Valkonen Ville, Haatainen Kaisa, Saano Susanna, Tiihonen Miia
School of Pharmacy, University of Eastern Finland Kuopio Finland.
Department of Nursing Science University of Eastern Finland Kuopio Finland.
Health Sci Rep. 2024 Sep 18;7(9):e70077. doi: 10.1002/hsr2.70077. eCollection 2024 Sep.
Medication errors (MEs) are a significant source of preventable harm in patient care. Voluntary incident reporting and ME reporting systems are essential for managing medication safety. Analyzing aggregated ME reports instead of individual reports can reveal organizational risks. Organizational culture influences reporting activity and the effectiveness of safety improvements depends on their system-focus. This study uses aggregated ME reports to investigate the ME management process and reporting culture in medication safety. It aims to create a hierarchy for ME improvement actions and analyze their strength and management flow in aggregated reports.

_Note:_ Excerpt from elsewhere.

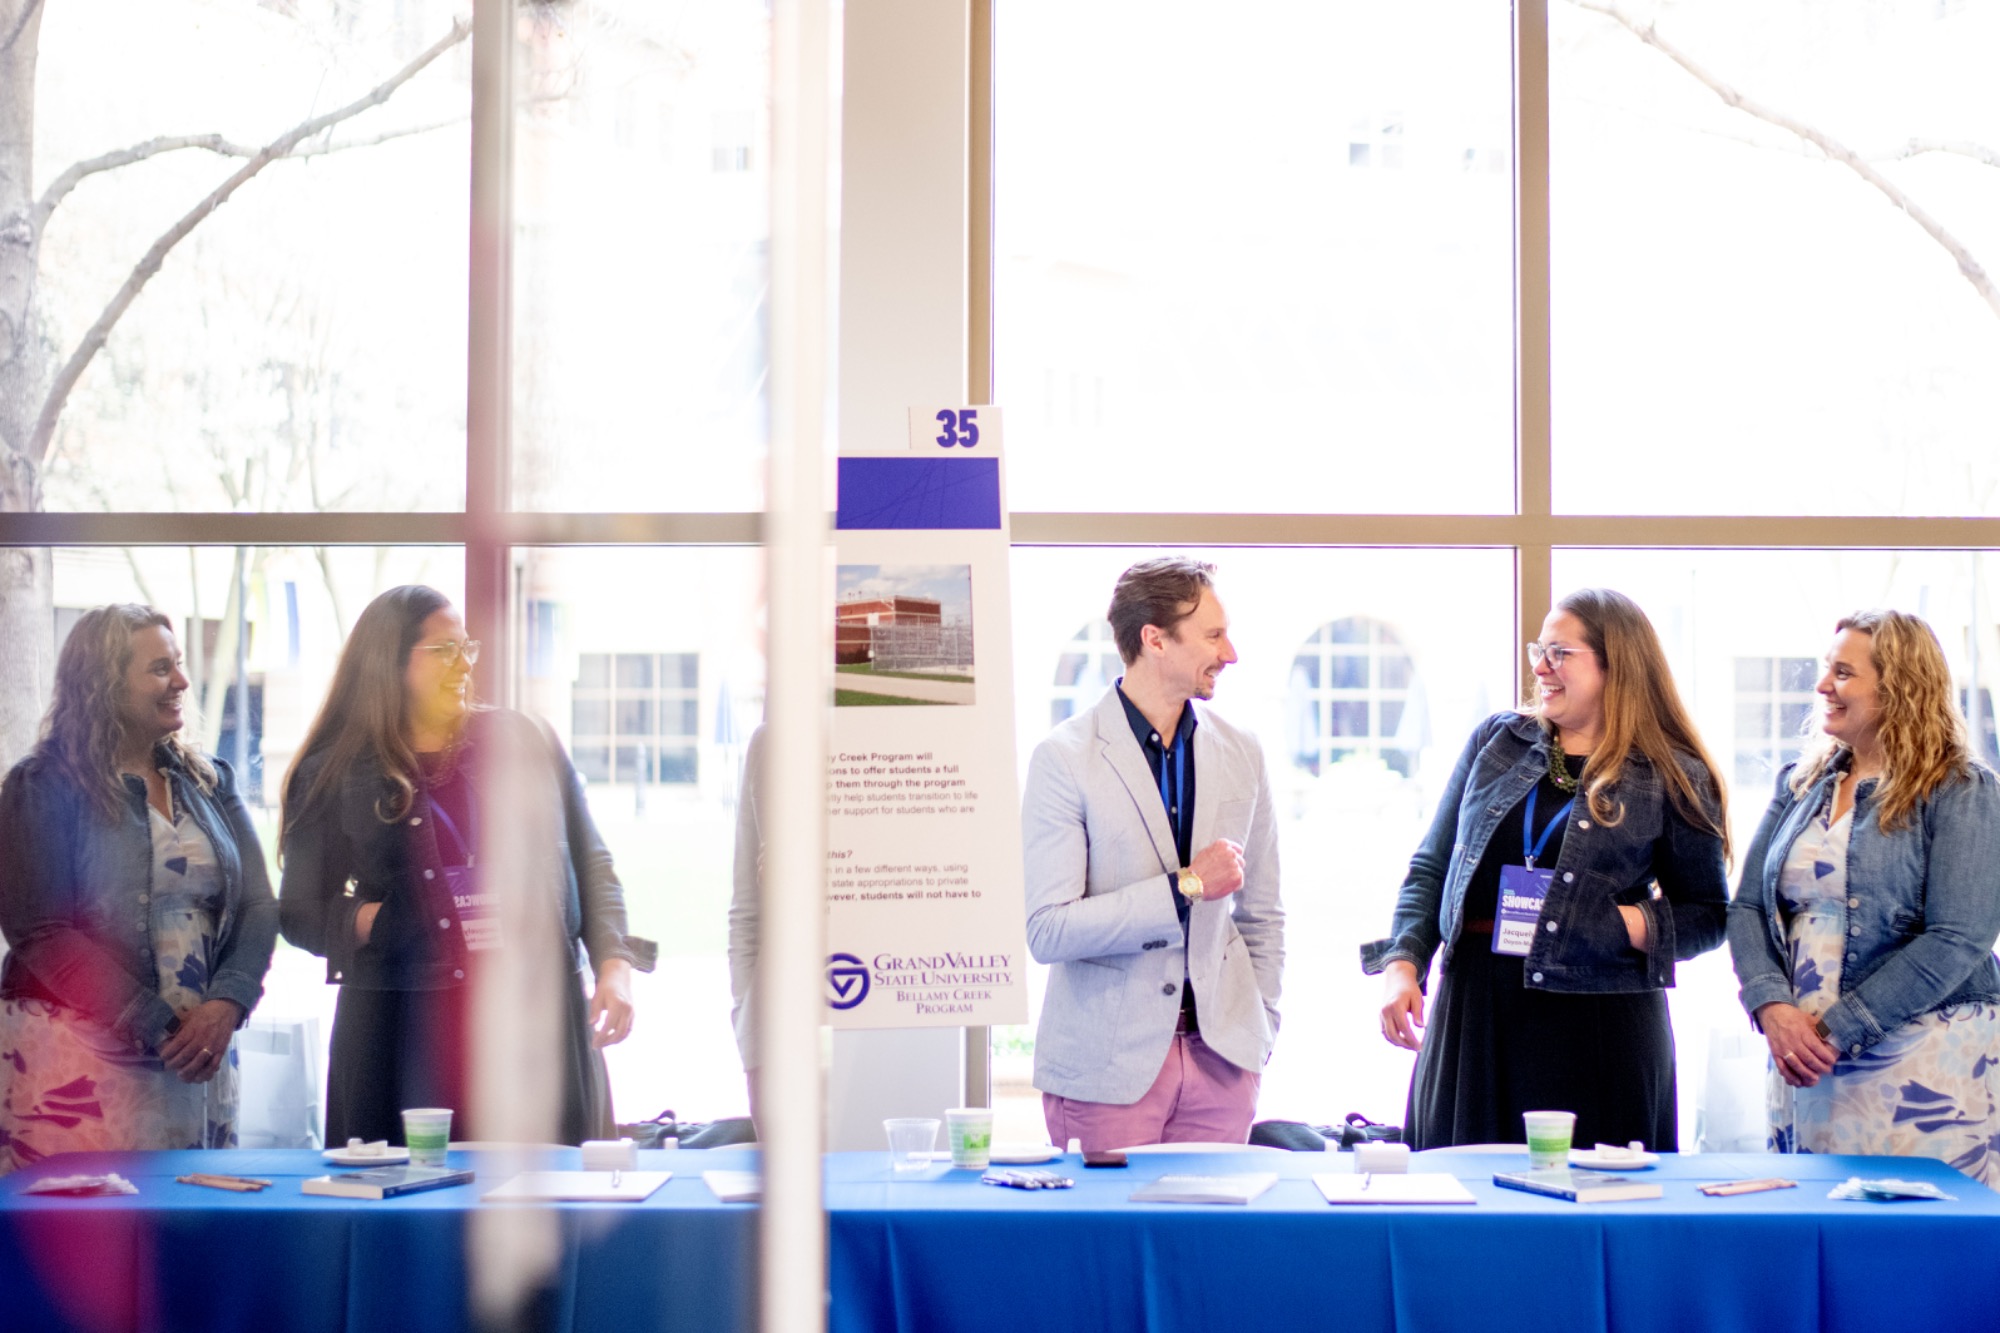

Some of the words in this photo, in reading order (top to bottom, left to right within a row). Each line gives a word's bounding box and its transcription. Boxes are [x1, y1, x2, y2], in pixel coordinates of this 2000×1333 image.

A retrospective, cross-sectional study was conducted to review improvement proposals and actions of ME reports in a Finnish tertiary hospital in 2017-2021. The improvement proposals and actions were categorized into strength classes during three stages: reporter proposals, manager proposals, and documented actions. The report management flow was analyzed. Descriptive statistics were used to describe the characteristics and the chi-squared test for categorical variables in the statistical analysis.
A new strength classification hierarchy was created with three classes and corresponding numerical values: "strong (3)," "medium (2)," and "weak (1)" Additionally, categories for "no action (0)" and "vague (0)" were included. Out of 5463 ME reports analyzed, improvement proposals and actions were predominantly weak, ranging from 23.4% to 54.2% across different stages of the management process. A significant proportion had no action included (20.5-49.1%) or were vague (4.2-20.6%).
Analyzing the strength of improvement proposals and actions in aggregated ME reports provides new insights into reporting culture and the ME management. The new combined strength classification hierarchy is a suitable tool for this analysis.
用药错误(MEs)是患者护理中可预防伤害的重要来源。自愿事件报告和用药错误报告系统对于管理用药安全至关重要。分析汇总的用药错误报告而非个别报告可以揭示组织风险。组织文化影响报告活动,安全改进的有效性取决于其系统重点。本研究使用汇总的用药错误报告来调查用药安全中的用药错误管理过程和报告文化。其目的是为用药错误改进行动创建一个层次结构,并分析其在汇总报告中的力度和管理流程。
进行了一项回顾性横断面研究,以审查2017 - 2021年芬兰一家三级医院用药错误报告的改进建议和行动。在三个阶段将改进建议和行动分类为力度等级:报告者建议、管理者建议和记录在案的行动。分析了报告管理流程。描述性统计用于描述特征,统计分析中对分类变量使用卡方检验。
创建了一个新的力度分类层次结构,有三个等级及相应数值:“强(3)”、“中(2)”和“弱(1)”。此外,还包括“无行动(0)”和“模糊(0)”类别。在分析的5463份用药错误报告中,改进建议和行动主要为弱,在管理过程的不同阶段占比从23.4%到54.2%不等。很大一部分没有包括行动(20.5 - 49.1%)或很模糊(4.2 - 20.6%)。
分析汇总的用药错误报告中改进建议和行动的力度为报告文化和用药错误管理提供了新见解。新的综合力度分类层次结构是进行此分析的合适工具。